- PROBLEM TO WORK ON
The answer is all of the data repeated exactly, with each picture omitted.
------------------------------------------------------------------------
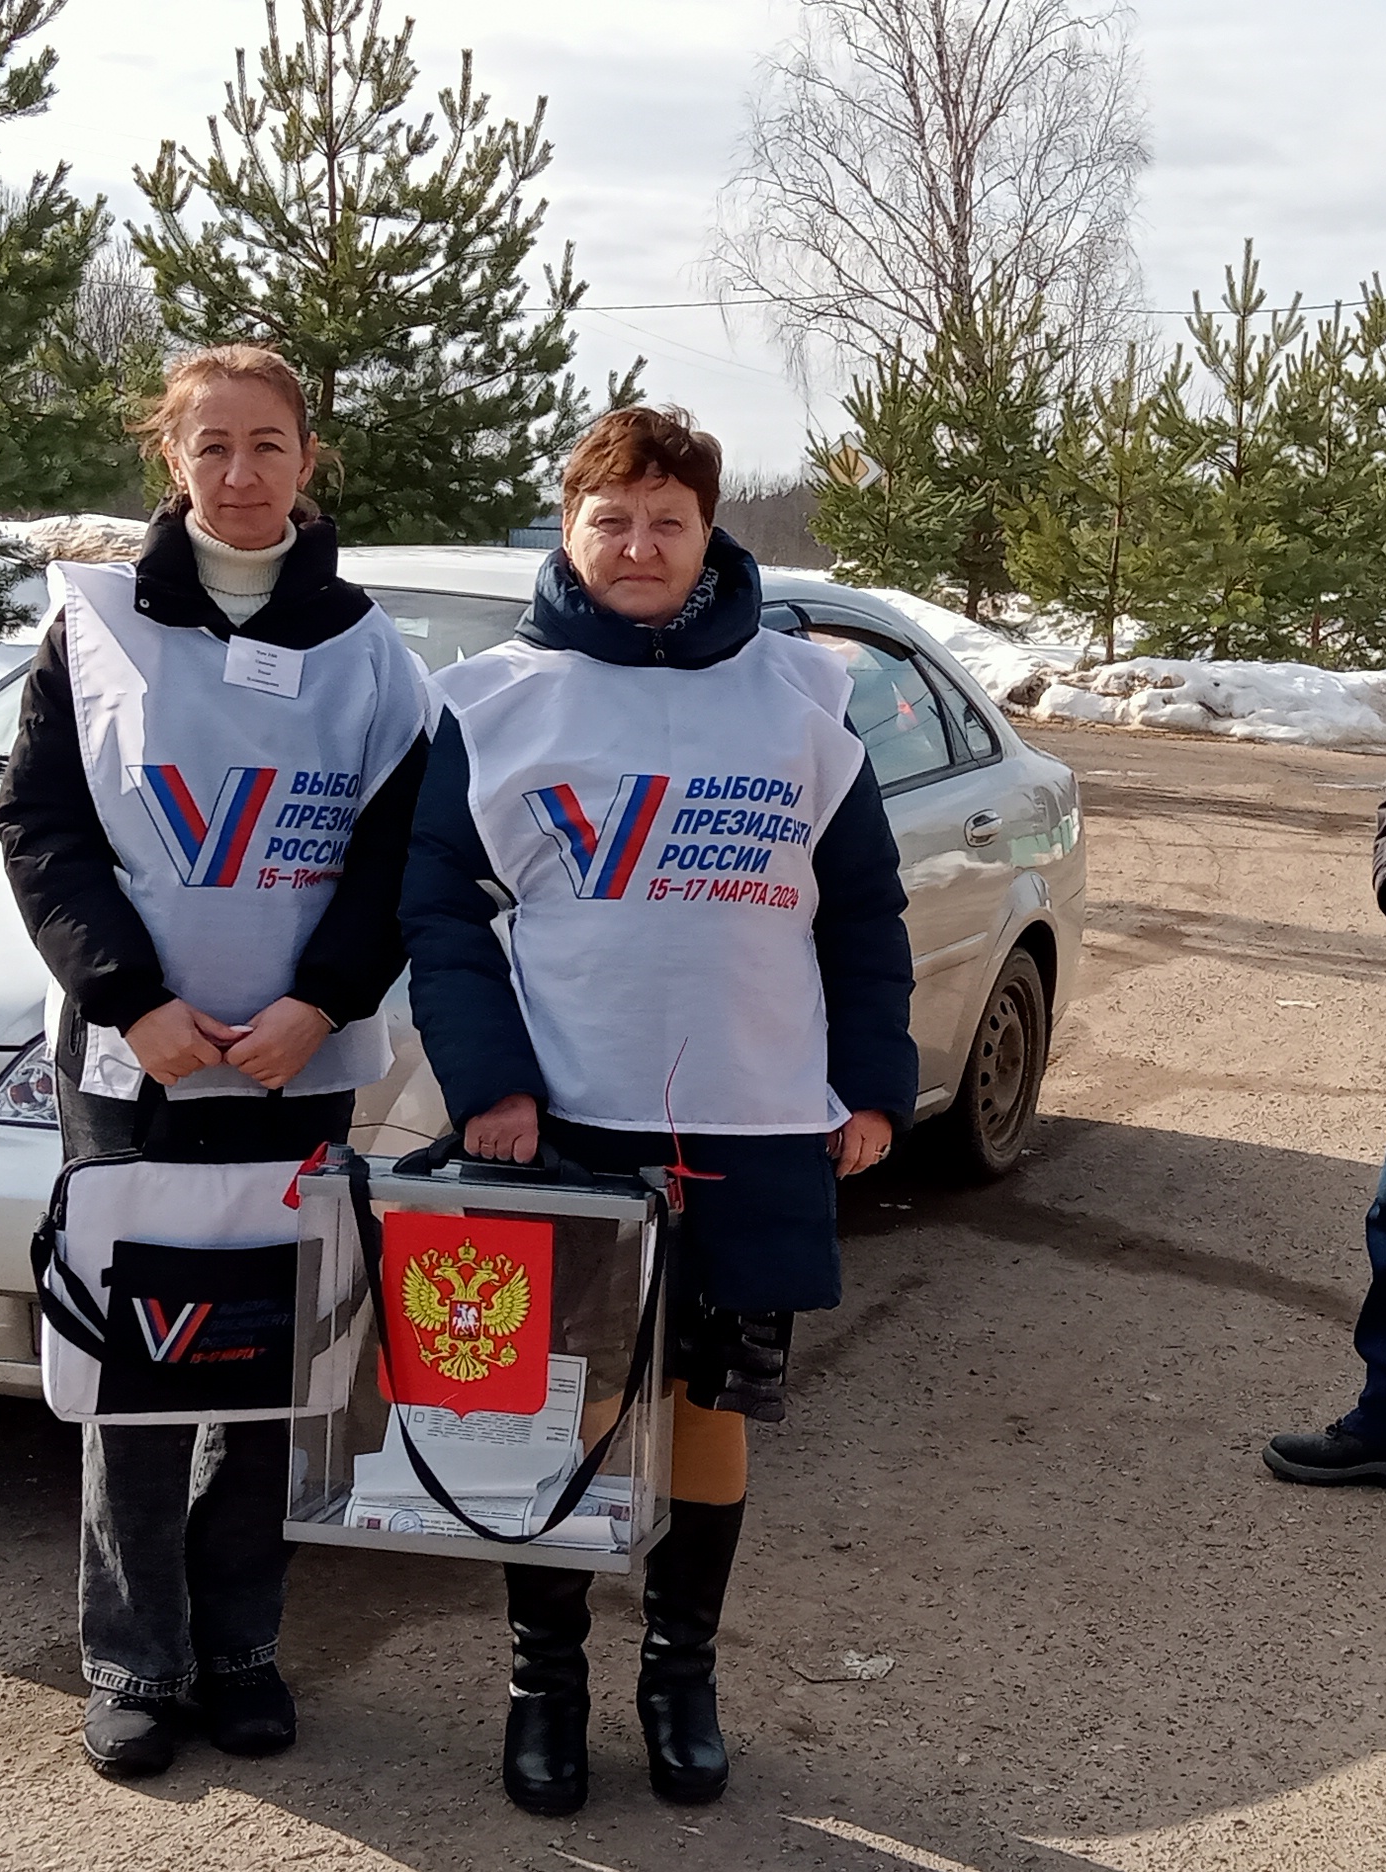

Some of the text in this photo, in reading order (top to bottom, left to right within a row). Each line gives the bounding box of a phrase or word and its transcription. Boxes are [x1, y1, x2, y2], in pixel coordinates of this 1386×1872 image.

[685, 776, 803, 809] ВЫБОРЫ
[276, 804, 356, 835] ПРЕЗИ
[656, 843, 772, 873] РОССИИ
[706, 879, 769, 905] МАРТА
[768, 884, 800, 910] 2024
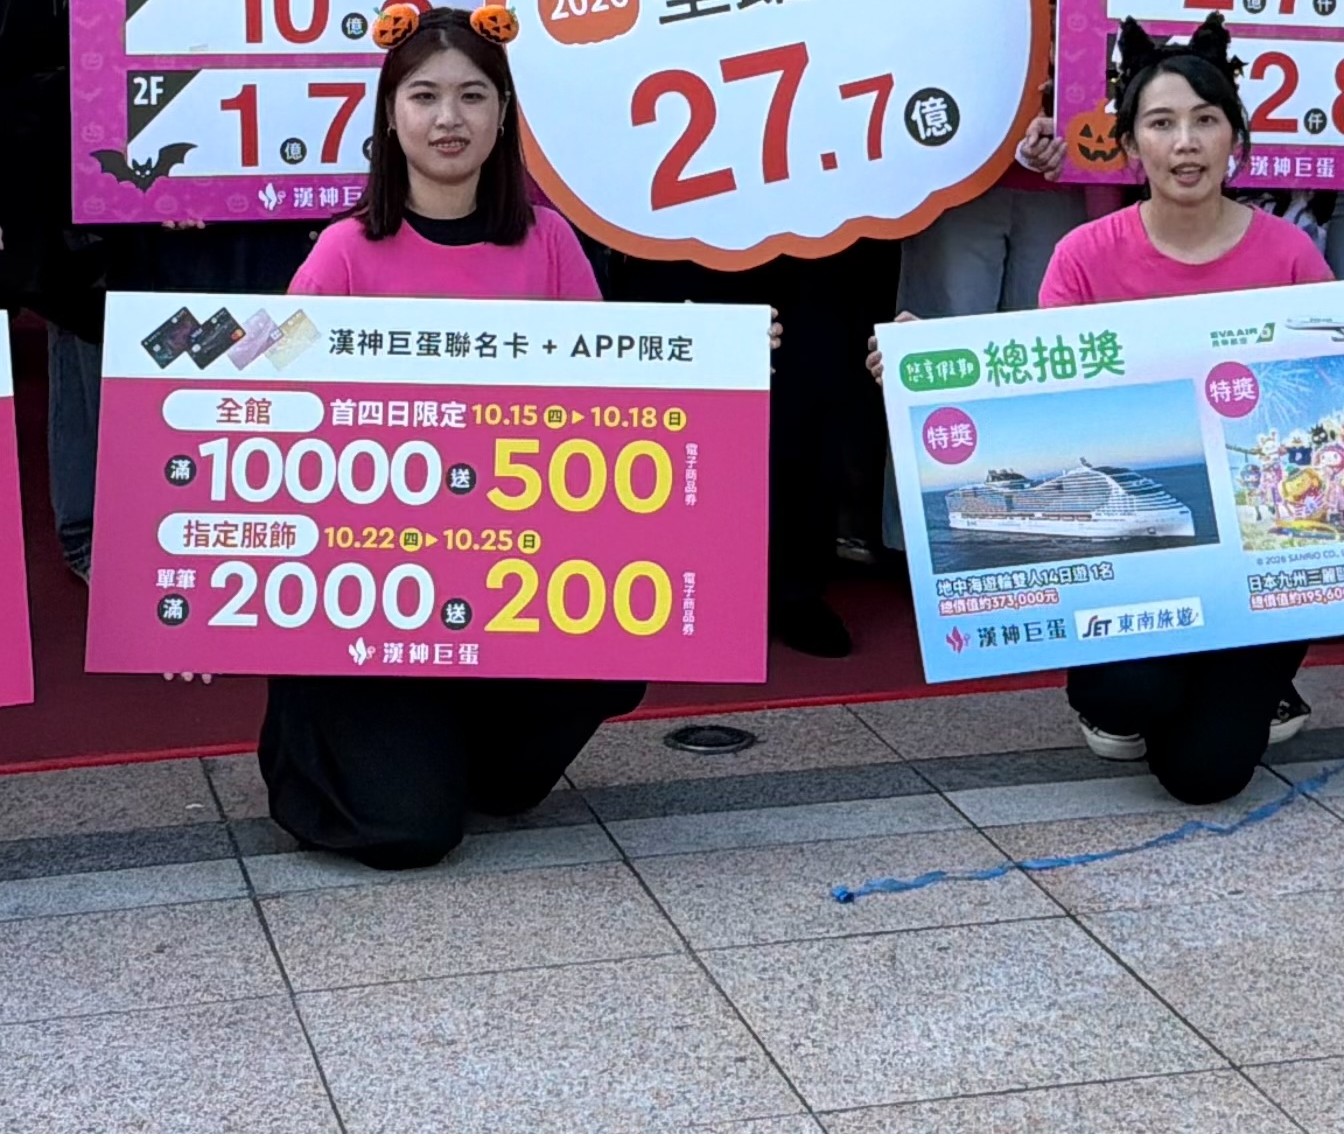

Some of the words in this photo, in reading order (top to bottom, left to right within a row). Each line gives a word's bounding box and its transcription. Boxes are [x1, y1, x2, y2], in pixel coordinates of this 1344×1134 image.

[133, 77, 164, 105] 2F
[631, 41, 960, 212] 27.7億
[1250, 155, 1335, 178] 漢神巨蛋
[328, 328, 529, 359] 漢神巨蛋聯名卡
[984, 329, 1125, 387] 總抽獎
[1209, 377, 1256, 404] 特獎
[215, 397, 272, 426] 全館
[330, 400, 467, 429] 首四日限定
[927, 422, 974, 450] 特獎
[685, 443, 698, 507] 電子商品券
[183, 519, 296, 550] 指定服飾
[156, 568, 196, 590] 單筆
[682, 572, 695, 636] 電子商品券
[977, 617, 1067, 648] 漢神巨蛋
[1117, 606, 1199, 633] 東南旅遊
[382, 642, 481, 666] 漢神巨蛋
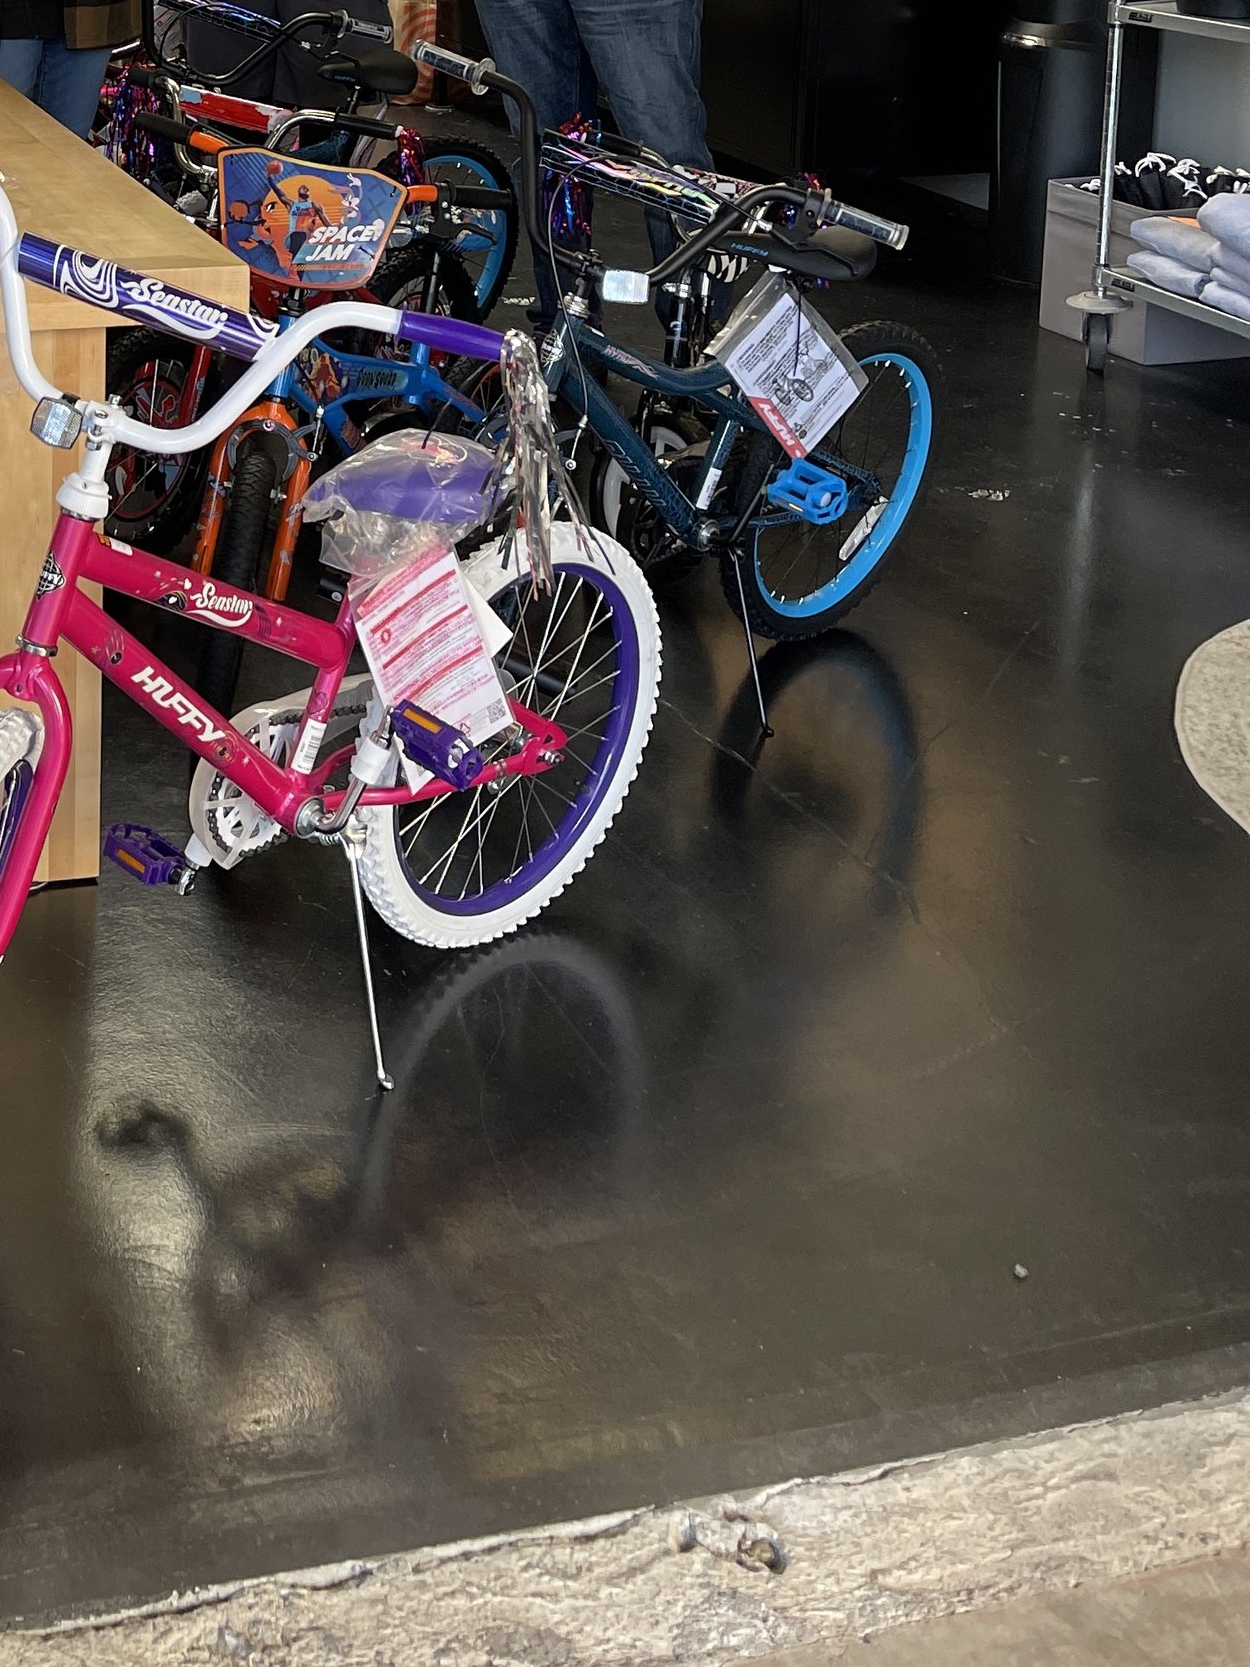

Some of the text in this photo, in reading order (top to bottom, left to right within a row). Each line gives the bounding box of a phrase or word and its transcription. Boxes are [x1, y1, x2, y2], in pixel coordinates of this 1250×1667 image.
------------------------------------------------------------------------
- FINAL ANSWER
Some of the text in this photo, in reading order (top to bottom, left to right within a row). Each line gives the bounding box of a phrase or word and its transcription. Boxes are [x1, y1, x2, y2], in pixel coordinates of this 1386×1872 image.

[685, 776, 803, 809] ВЫБОРЫ
[276, 804, 356, 835] ПРЕЗИ
[656, 843, 772, 873] РОССИИ
[706, 879, 769, 905] МАРТА
[768, 884, 800, 910] 2024

Some of the words in this photo, in reading order (top to bottom, left to right within a row). Each line gives a word's bounding box and its transcription. Boxes are [x1, y1, x2, y2], in pixel coordinates of this 1344×1134 image.

[133, 77, 164, 105] 2F
[631, 41, 960, 212] 27.7億
[1250, 155, 1335, 178] 漢神巨蛋
[328, 328, 529, 359] 漢神巨蛋聯名卡
[984, 329, 1125, 387] 總抽獎
[1209, 377, 1256, 404] 特獎
[215, 397, 272, 426] 全館
[330, 400, 467, 429] 首四日限定
[927, 422, 974, 450] 特獎
[685, 443, 698, 507] 電子商品券
[183, 519, 296, 550] 指定服飾
[156, 568, 196, 590] 單筆
[682, 572, 695, 636] 電子商品券
[977, 617, 1067, 648] 漢神巨蛋
[1117, 606, 1199, 633] 東南旅遊
[382, 642, 481, 666] 漢神巨蛋

Some of the text in this photo, in reading order (top to bottom, left to right within a row). Each line gives the bounding box of a phrase or word and its transcription. Boxes are [x1, y1, x2, y2], in pixel coordinates of this 1250×1667 image.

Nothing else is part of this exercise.